**Problem description:** Please transcribe the entries that follow exactly as they stand, skipping each picture.

**Material provided:**
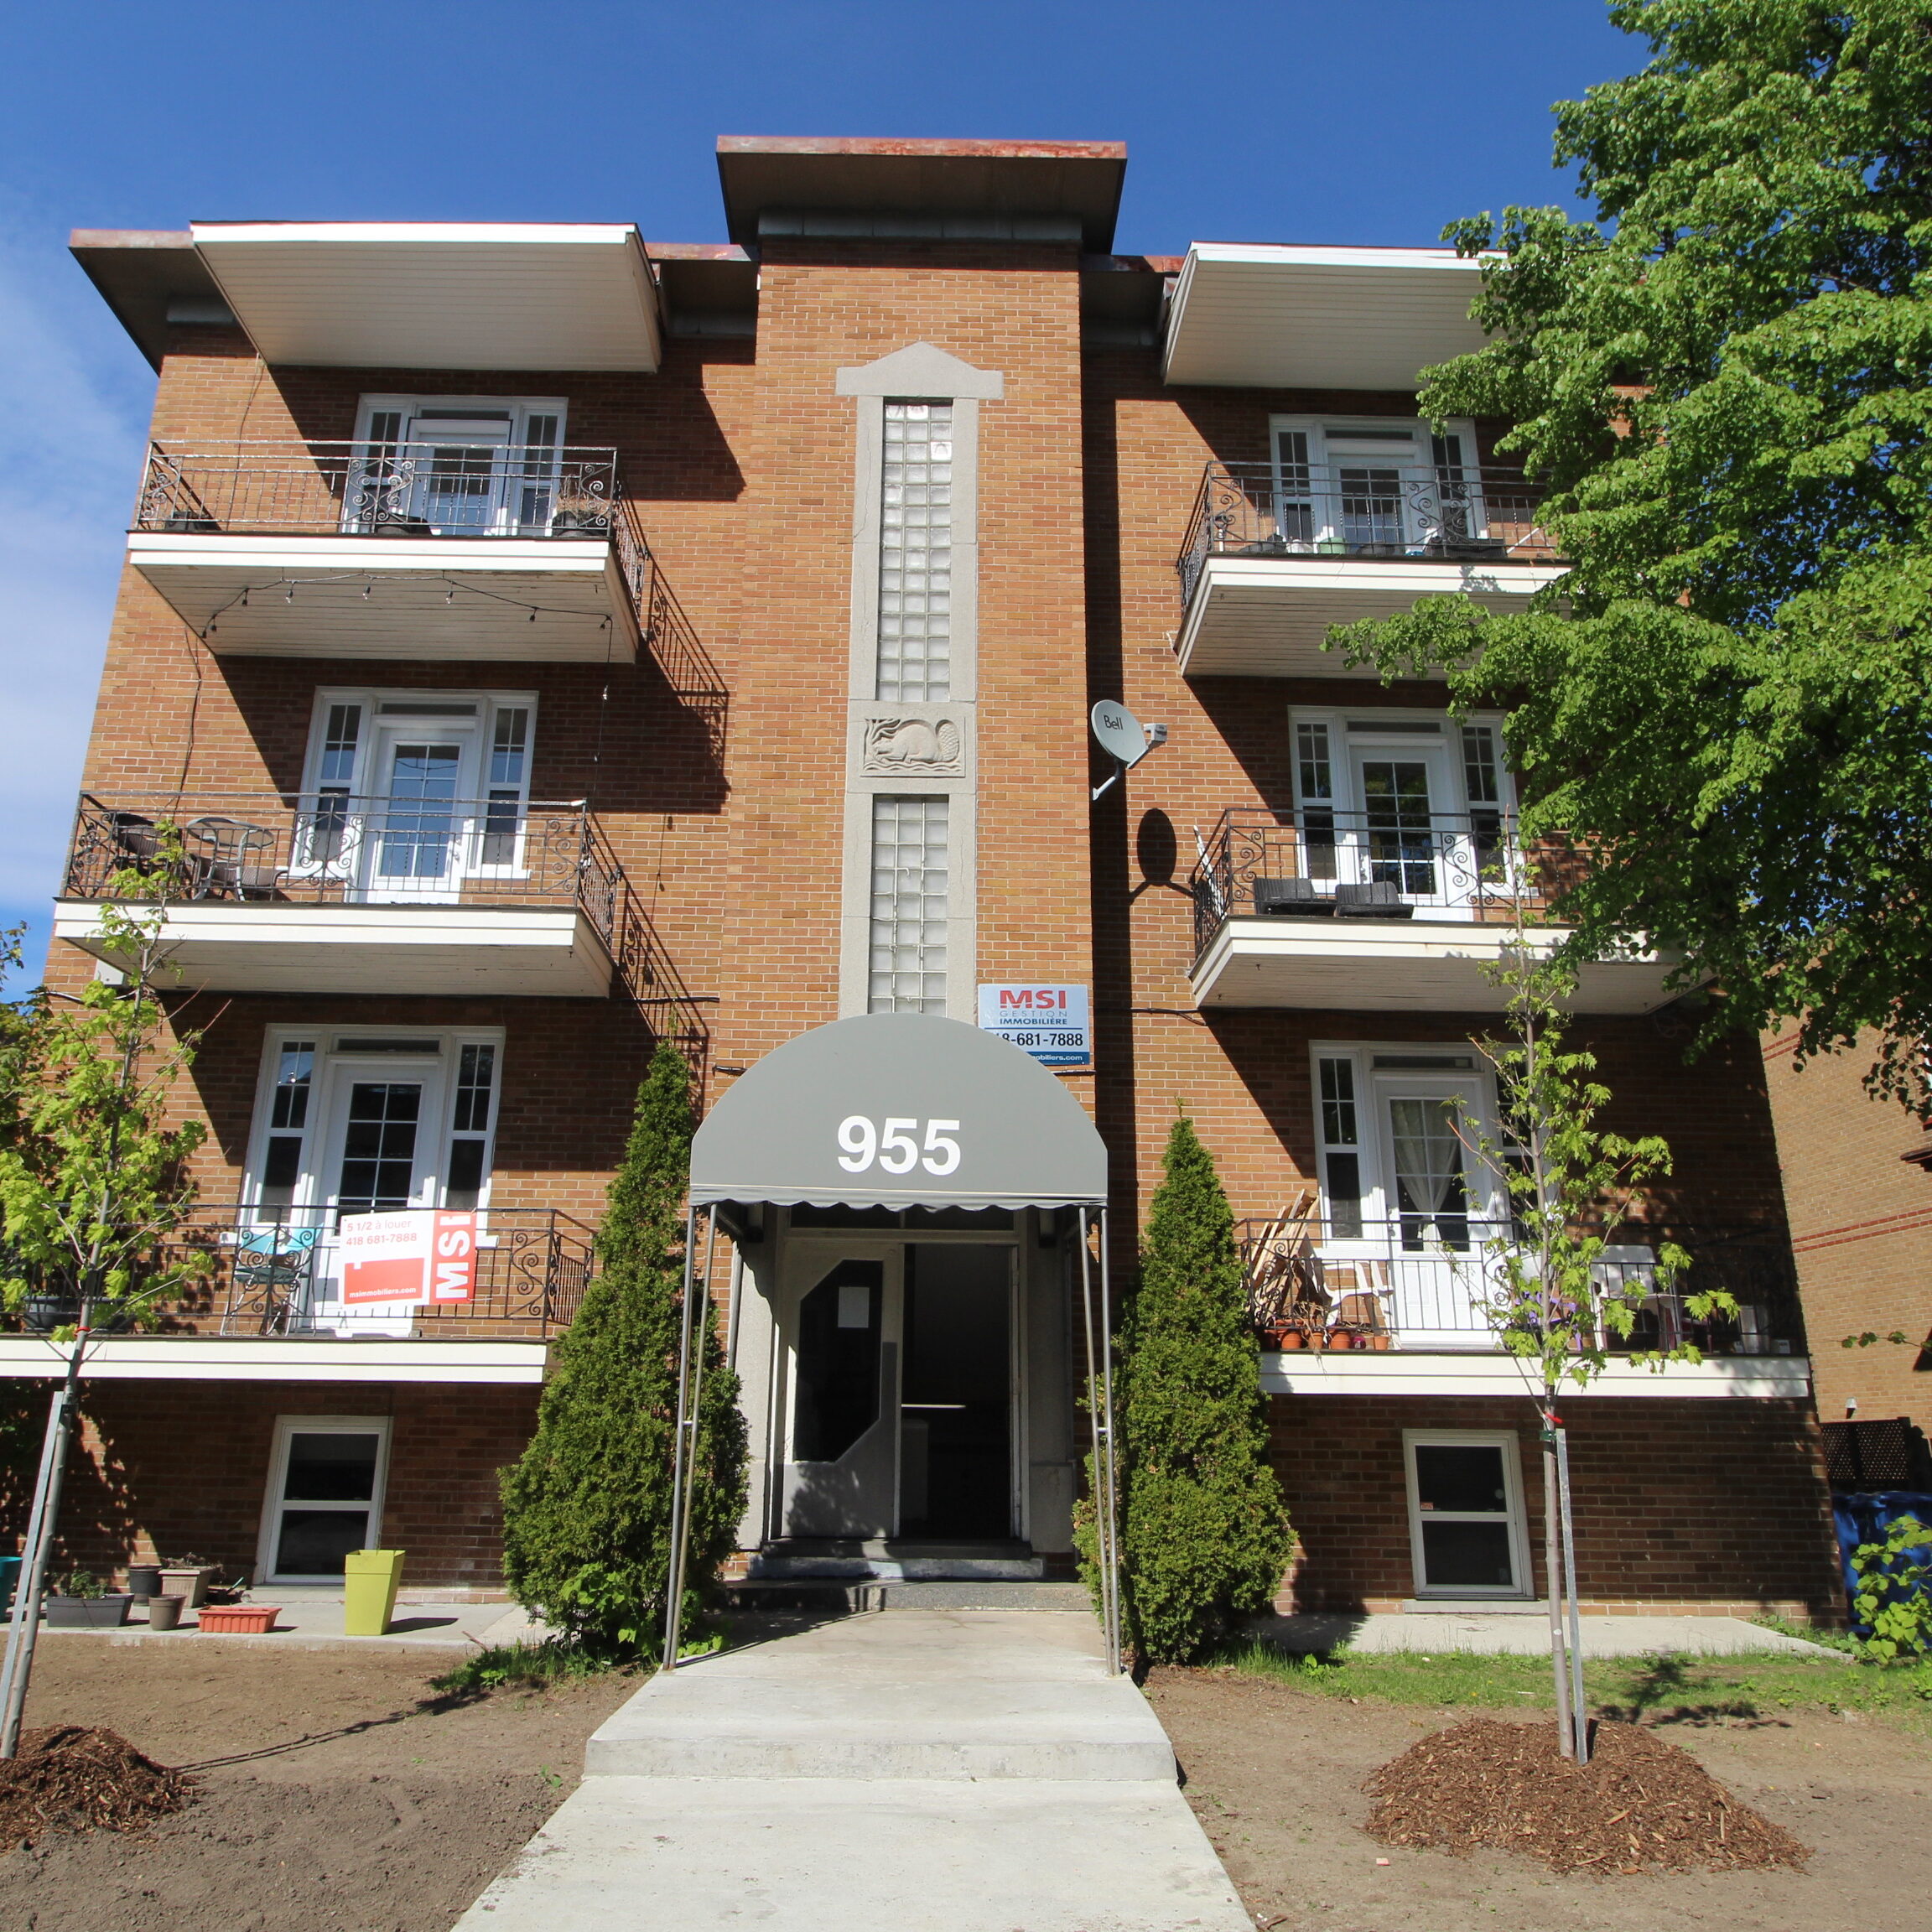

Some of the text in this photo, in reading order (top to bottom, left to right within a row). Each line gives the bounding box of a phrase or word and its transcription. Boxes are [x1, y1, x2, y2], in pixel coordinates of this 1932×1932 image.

[1104, 714, 1124, 730] Bell
[1000, 990, 1066, 1009] MSI
[838, 1115, 961, 1176] 955
[346, 1220, 412, 1232] 5 1/2 à louer
[346, 1233, 418, 1246] 418 681-7888
[435, 1215, 471, 1299] MSI
[349, 1287, 417, 1298] msimmobiliers.com

**Task result:**
Some of the text in this photo, in reading order (top to bottom, left to right within a row). Each line gives the bounding box of a phrase or word and its transcription. Boxes are [x1, y1, x2, y2], in pixel coordinates of this 1932×1932 image.

[1104, 714, 1124, 730] Bell
[1000, 990, 1066, 1009] MSI
[838, 1115, 961, 1176] 955
[346, 1220, 412, 1232] 5 1/2 à louer
[346, 1233, 418, 1246] 418 681-7888
[435, 1215, 471, 1299] MSI
[349, 1287, 417, 1298] msimmobiliers.com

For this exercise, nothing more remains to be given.